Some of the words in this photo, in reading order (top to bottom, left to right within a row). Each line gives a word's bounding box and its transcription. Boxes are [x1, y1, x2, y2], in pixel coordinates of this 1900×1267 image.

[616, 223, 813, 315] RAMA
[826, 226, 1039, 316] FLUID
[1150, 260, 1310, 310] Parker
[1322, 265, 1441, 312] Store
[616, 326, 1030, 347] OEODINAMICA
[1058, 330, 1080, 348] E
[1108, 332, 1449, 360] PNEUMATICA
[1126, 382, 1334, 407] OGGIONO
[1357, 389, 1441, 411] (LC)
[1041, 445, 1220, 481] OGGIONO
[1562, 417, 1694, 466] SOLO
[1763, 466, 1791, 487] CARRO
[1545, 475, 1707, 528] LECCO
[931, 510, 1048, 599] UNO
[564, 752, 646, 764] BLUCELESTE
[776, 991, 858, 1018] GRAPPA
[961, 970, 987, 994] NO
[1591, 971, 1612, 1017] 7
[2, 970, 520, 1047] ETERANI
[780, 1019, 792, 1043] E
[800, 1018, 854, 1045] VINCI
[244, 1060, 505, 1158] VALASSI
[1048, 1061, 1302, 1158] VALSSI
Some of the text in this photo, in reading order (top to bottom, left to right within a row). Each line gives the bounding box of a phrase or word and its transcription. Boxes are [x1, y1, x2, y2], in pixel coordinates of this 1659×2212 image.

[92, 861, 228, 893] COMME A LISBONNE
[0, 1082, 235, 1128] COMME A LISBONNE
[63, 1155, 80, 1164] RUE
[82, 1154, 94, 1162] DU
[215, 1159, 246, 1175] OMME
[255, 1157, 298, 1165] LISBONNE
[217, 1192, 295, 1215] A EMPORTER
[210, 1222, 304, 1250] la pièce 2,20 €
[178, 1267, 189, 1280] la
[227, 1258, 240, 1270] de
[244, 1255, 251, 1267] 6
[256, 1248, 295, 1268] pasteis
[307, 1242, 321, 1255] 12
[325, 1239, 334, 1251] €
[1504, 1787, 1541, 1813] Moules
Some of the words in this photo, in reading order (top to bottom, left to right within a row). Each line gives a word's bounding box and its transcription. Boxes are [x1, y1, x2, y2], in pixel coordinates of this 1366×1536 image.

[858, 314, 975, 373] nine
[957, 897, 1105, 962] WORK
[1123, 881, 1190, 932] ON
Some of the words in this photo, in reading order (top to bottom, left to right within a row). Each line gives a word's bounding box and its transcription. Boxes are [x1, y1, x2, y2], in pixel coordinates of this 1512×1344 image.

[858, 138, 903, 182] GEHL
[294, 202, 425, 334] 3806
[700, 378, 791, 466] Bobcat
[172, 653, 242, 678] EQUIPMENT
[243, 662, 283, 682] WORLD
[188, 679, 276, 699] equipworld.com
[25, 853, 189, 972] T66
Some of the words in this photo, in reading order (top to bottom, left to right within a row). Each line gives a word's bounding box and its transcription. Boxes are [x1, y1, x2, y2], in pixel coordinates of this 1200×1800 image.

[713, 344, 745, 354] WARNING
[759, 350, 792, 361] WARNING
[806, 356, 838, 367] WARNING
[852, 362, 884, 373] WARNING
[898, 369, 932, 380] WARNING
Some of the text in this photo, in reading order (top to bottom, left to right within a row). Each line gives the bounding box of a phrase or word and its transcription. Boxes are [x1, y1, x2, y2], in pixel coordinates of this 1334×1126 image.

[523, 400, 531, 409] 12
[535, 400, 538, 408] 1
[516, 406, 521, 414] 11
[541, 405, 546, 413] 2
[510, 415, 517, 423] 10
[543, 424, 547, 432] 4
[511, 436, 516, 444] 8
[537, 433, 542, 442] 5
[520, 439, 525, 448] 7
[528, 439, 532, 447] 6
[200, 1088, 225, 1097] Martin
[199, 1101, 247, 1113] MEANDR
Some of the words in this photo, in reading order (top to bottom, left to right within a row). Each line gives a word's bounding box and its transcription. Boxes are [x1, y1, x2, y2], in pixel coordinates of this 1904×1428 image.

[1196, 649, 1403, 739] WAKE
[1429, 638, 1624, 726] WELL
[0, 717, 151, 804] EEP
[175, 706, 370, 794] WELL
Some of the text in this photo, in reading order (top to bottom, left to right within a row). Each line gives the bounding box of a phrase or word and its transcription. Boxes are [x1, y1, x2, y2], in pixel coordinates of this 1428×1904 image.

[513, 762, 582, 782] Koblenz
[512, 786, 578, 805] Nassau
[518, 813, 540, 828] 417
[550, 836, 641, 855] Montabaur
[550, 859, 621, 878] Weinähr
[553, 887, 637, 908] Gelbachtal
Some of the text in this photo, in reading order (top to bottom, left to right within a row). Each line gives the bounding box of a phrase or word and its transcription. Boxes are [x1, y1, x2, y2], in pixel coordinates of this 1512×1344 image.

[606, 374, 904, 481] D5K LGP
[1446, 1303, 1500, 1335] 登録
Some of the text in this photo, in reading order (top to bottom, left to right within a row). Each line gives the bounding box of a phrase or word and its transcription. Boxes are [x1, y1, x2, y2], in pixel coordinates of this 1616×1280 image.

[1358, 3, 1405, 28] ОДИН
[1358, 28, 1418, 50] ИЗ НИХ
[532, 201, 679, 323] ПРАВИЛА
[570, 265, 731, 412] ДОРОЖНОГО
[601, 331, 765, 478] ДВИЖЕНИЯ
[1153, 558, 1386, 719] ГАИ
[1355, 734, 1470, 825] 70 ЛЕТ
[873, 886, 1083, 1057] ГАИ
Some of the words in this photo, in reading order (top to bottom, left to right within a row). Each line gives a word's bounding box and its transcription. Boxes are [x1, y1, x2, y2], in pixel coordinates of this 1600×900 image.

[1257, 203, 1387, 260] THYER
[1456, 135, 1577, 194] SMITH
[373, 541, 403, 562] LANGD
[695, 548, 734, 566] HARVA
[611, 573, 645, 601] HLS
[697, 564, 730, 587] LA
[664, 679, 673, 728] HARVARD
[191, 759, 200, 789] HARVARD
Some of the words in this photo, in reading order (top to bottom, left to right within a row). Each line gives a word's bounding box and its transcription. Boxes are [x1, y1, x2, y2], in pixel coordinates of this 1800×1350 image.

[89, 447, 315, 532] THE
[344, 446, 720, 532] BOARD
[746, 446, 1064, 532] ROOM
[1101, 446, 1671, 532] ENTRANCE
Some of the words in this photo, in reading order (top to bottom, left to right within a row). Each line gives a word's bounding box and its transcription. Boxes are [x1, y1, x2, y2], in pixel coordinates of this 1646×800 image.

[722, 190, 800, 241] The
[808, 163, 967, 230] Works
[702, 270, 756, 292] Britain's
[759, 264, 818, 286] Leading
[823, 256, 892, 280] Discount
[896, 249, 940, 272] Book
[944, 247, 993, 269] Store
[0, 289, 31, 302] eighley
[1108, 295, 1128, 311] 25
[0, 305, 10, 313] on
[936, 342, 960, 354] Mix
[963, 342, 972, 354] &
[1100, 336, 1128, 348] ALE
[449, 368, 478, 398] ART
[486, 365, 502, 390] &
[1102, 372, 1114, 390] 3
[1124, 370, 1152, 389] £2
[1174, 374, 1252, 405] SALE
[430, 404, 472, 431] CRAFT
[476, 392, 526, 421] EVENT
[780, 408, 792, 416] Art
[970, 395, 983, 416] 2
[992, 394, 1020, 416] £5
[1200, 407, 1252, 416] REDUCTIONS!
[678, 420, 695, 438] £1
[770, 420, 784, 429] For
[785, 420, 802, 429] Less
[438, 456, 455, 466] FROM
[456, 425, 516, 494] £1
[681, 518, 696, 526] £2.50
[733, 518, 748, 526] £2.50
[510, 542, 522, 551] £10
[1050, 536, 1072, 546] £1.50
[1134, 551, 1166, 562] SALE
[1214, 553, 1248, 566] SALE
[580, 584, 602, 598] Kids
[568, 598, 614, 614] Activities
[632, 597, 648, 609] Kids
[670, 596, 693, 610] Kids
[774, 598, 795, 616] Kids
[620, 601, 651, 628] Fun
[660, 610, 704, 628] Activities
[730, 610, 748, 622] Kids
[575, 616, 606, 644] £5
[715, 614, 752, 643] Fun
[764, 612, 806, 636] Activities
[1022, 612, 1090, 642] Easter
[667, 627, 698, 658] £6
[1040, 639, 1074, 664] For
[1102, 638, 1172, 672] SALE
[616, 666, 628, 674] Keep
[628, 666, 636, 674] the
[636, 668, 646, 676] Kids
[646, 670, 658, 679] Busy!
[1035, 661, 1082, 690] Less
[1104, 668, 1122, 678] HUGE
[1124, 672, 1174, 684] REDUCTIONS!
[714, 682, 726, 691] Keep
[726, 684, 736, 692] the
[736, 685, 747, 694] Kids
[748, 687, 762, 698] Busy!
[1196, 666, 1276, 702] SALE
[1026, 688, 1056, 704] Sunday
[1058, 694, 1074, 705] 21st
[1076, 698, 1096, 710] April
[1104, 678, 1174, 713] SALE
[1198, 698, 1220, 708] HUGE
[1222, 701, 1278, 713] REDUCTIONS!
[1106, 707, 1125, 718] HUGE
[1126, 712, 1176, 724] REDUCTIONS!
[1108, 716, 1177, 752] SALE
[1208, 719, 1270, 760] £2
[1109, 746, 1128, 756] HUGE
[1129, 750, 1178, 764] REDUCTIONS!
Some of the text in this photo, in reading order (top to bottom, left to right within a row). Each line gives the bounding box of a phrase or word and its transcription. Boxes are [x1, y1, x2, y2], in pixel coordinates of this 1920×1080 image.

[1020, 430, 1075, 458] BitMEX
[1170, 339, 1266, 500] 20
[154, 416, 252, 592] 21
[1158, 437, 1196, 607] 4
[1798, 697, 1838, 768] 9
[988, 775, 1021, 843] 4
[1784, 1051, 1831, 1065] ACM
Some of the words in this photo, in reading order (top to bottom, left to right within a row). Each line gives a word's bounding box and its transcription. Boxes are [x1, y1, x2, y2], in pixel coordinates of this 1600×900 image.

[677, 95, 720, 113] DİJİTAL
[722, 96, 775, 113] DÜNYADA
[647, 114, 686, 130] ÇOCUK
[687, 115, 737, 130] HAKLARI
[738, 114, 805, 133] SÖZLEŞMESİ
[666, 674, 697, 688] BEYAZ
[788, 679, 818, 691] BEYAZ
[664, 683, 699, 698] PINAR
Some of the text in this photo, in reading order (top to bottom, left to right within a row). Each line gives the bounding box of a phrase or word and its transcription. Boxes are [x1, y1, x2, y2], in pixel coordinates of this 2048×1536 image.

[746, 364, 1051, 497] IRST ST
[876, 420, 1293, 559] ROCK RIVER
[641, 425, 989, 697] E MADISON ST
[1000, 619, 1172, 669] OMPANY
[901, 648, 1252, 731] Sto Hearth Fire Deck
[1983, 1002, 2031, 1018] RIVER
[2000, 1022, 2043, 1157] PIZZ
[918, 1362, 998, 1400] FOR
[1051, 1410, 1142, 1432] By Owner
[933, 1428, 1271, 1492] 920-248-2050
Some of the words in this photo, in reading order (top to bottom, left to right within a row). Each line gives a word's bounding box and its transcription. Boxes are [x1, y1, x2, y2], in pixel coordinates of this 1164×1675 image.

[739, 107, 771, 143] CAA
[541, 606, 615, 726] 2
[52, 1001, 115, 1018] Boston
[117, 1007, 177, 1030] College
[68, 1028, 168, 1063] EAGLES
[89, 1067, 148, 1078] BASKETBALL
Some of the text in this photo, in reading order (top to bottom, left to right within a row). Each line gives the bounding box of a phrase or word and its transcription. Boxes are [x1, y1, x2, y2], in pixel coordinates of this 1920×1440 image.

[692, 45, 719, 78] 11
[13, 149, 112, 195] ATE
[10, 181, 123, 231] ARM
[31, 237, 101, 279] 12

----

Could you copy exactly the lines from the one containing "this 1920×1440 image." through the end of the records above, and nothing more?

EXPECTED ANSWER:
Some of the text in this photo, in reading order (top to bottom, left to right within a row). Each line gives the bounding box of a phrase or word and its transcription. Boxes are [x1, y1, x2, y2], in pixel coordinates of this 1920×1440 image.

[692, 45, 719, 78] 11
[13, 149, 112, 195] ATE
[10, 181, 123, 231] ARM
[31, 237, 101, 279] 12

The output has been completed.